**Try it**
When you copy the listing, reproduce each line as it appears and omit every image.

**Records for the task**
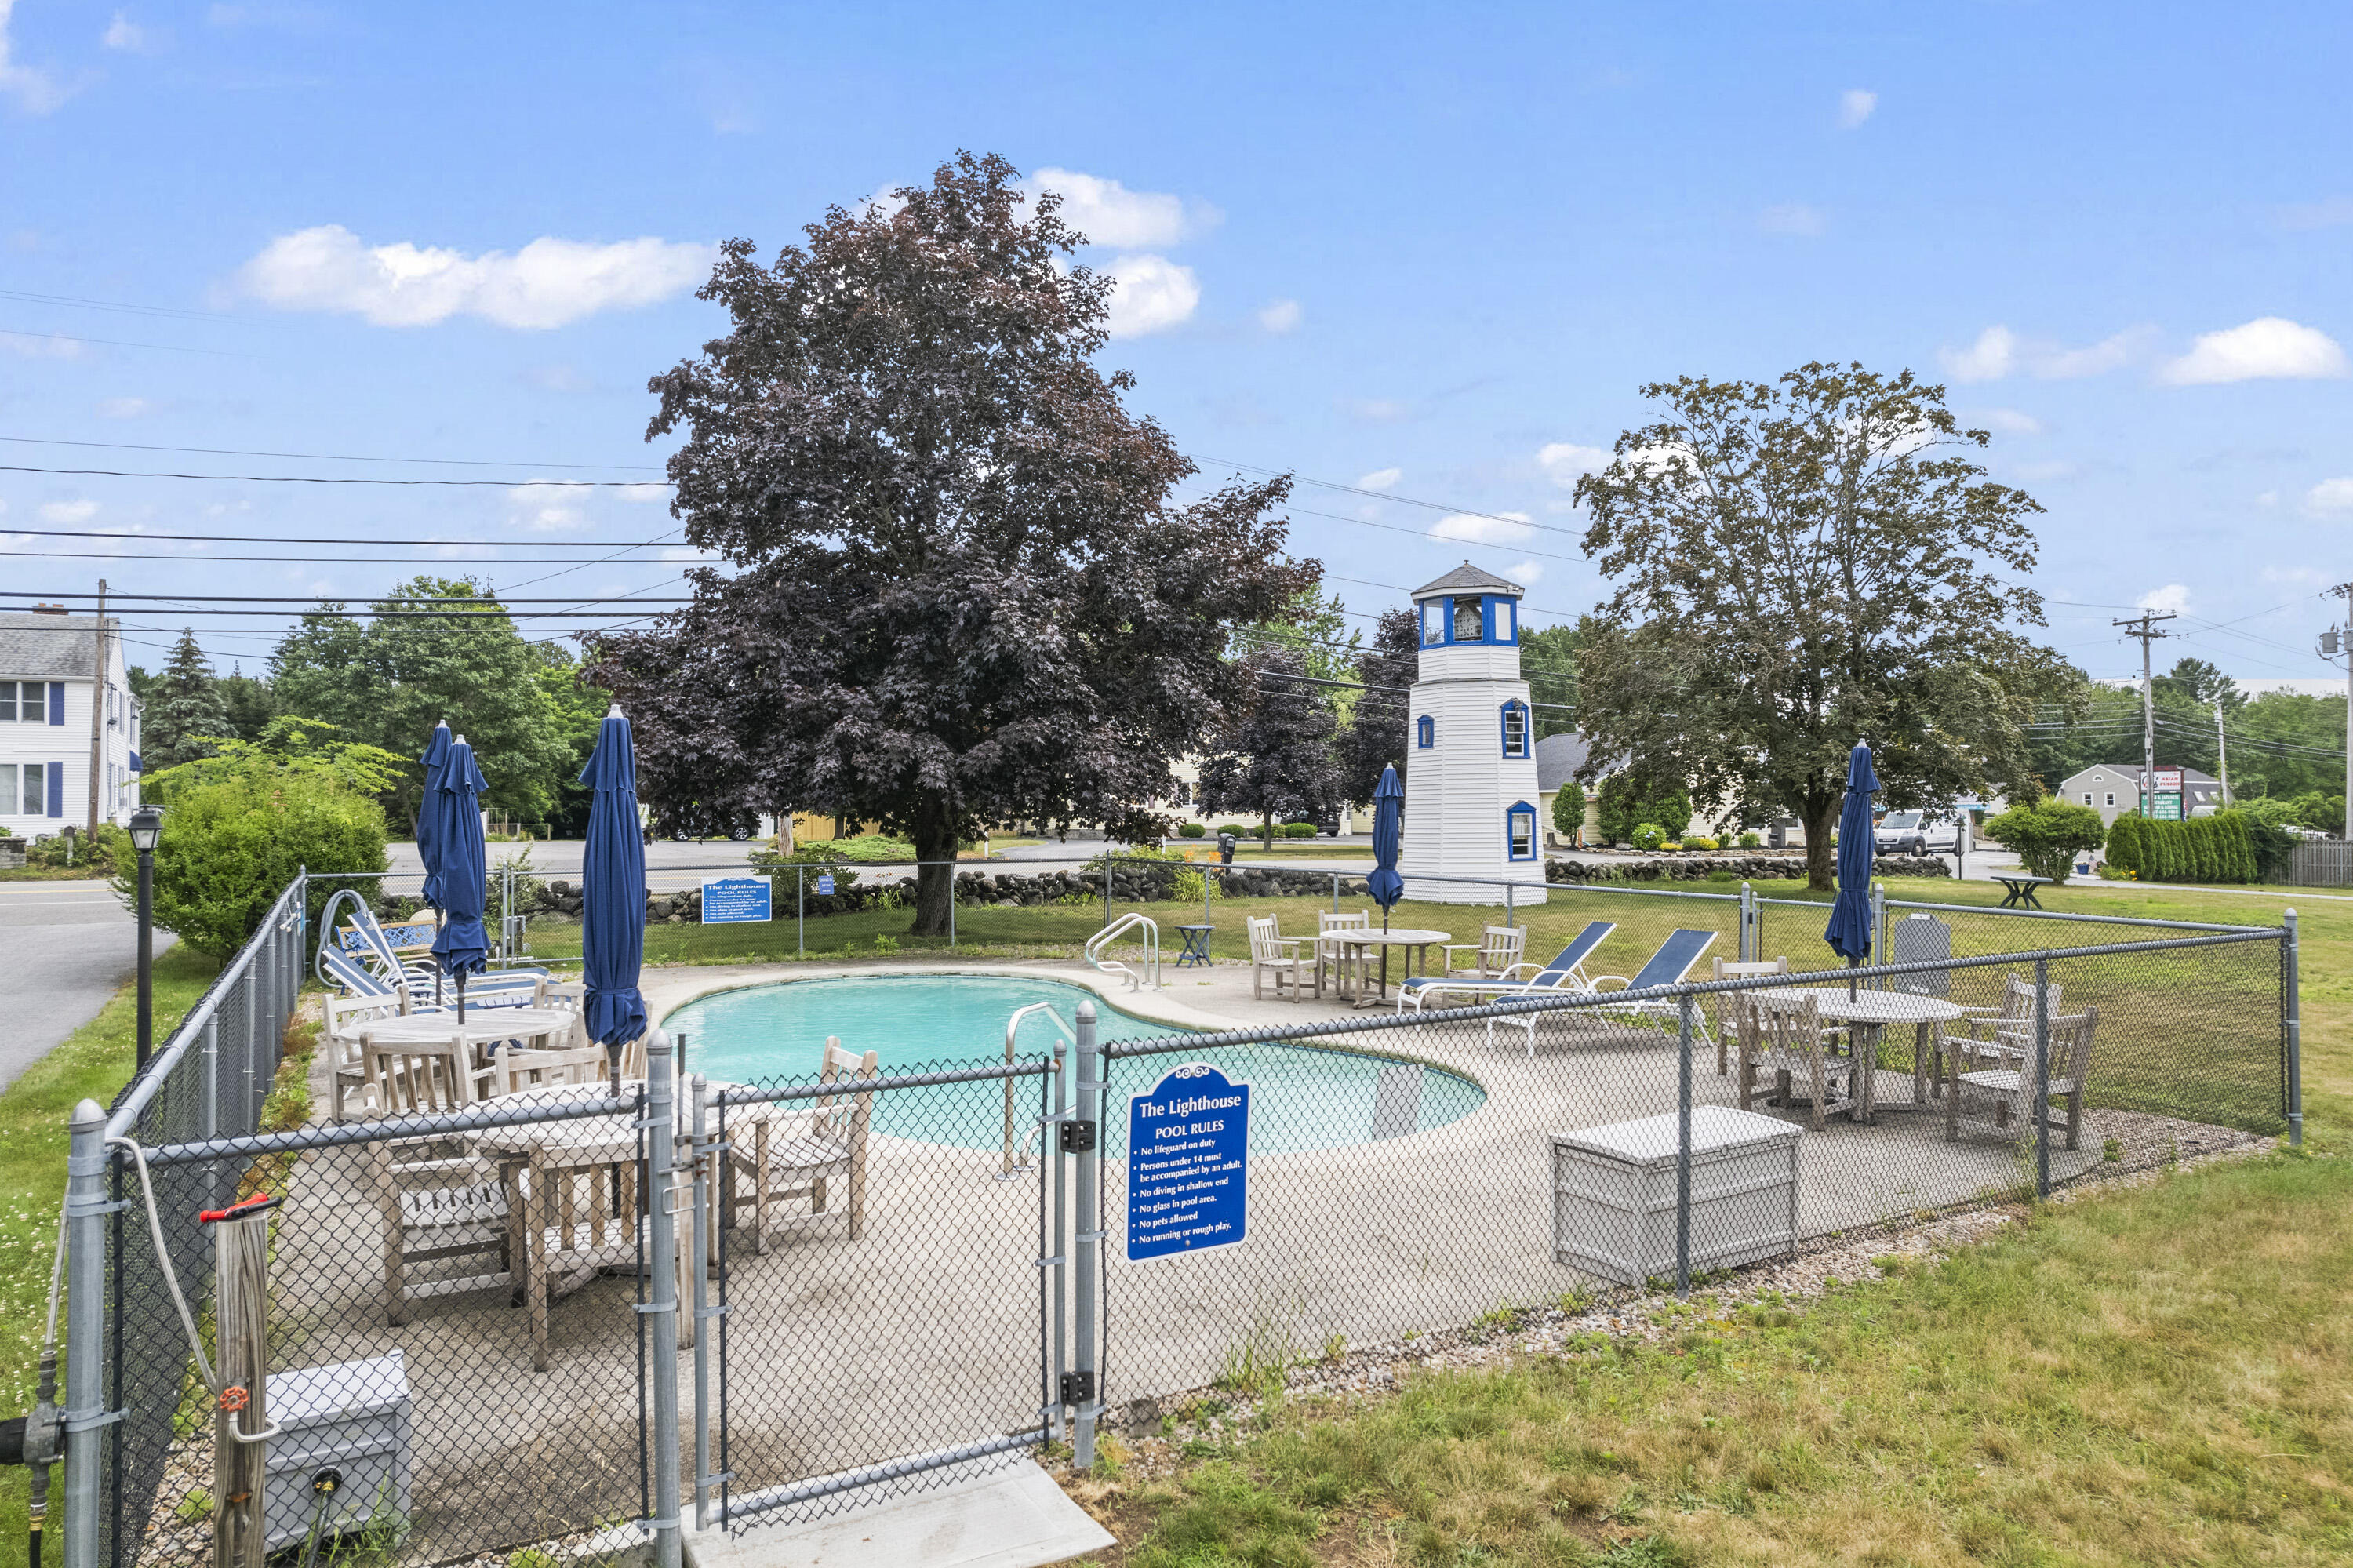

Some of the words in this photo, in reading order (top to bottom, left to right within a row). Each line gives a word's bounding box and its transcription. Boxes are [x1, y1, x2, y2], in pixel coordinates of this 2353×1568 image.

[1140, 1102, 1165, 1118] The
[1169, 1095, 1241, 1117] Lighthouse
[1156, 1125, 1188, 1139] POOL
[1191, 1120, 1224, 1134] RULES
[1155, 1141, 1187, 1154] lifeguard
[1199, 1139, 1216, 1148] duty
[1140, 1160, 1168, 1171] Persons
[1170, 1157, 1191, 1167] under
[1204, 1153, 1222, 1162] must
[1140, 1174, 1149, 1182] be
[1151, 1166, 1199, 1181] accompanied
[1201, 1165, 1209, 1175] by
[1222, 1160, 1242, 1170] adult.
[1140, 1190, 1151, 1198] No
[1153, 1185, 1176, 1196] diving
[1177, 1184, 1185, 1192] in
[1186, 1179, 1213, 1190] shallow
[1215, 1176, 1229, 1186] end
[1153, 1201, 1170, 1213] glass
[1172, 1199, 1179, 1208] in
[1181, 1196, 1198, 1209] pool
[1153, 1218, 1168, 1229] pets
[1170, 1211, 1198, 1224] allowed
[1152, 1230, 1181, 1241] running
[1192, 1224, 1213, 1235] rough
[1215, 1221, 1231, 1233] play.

**Problem solution**
Some of the words in this photo, in reading order (top to bottom, left to right within a row). Each line gives a word's bounding box and its transcription. Boxes are [x1, y1, x2, y2], in pixel coordinates of this 2353×1568 image.

[1140, 1102, 1165, 1118] The
[1169, 1095, 1241, 1117] Lighthouse
[1156, 1125, 1188, 1139] POOL
[1191, 1120, 1224, 1134] RULES
[1155, 1141, 1187, 1154] lifeguard
[1199, 1139, 1216, 1148] duty
[1140, 1160, 1168, 1171] Persons
[1170, 1157, 1191, 1167] under
[1204, 1153, 1222, 1162] must
[1140, 1174, 1149, 1182] be
[1151, 1166, 1199, 1181] accompanied
[1201, 1165, 1209, 1175] by
[1222, 1160, 1242, 1170] adult.
[1140, 1190, 1151, 1198] No
[1153, 1185, 1176, 1196] diving
[1177, 1184, 1185, 1192] in
[1186, 1179, 1213, 1190] shallow
[1215, 1176, 1229, 1186] end
[1153, 1201, 1170, 1213] glass
[1172, 1199, 1179, 1208] in
[1181, 1196, 1198, 1209] pool
[1153, 1218, 1168, 1229] pets
[1170, 1211, 1198, 1224] allowed
[1152, 1230, 1181, 1241] running
[1192, 1224, 1213, 1235] rough
[1215, 1221, 1231, 1233] play.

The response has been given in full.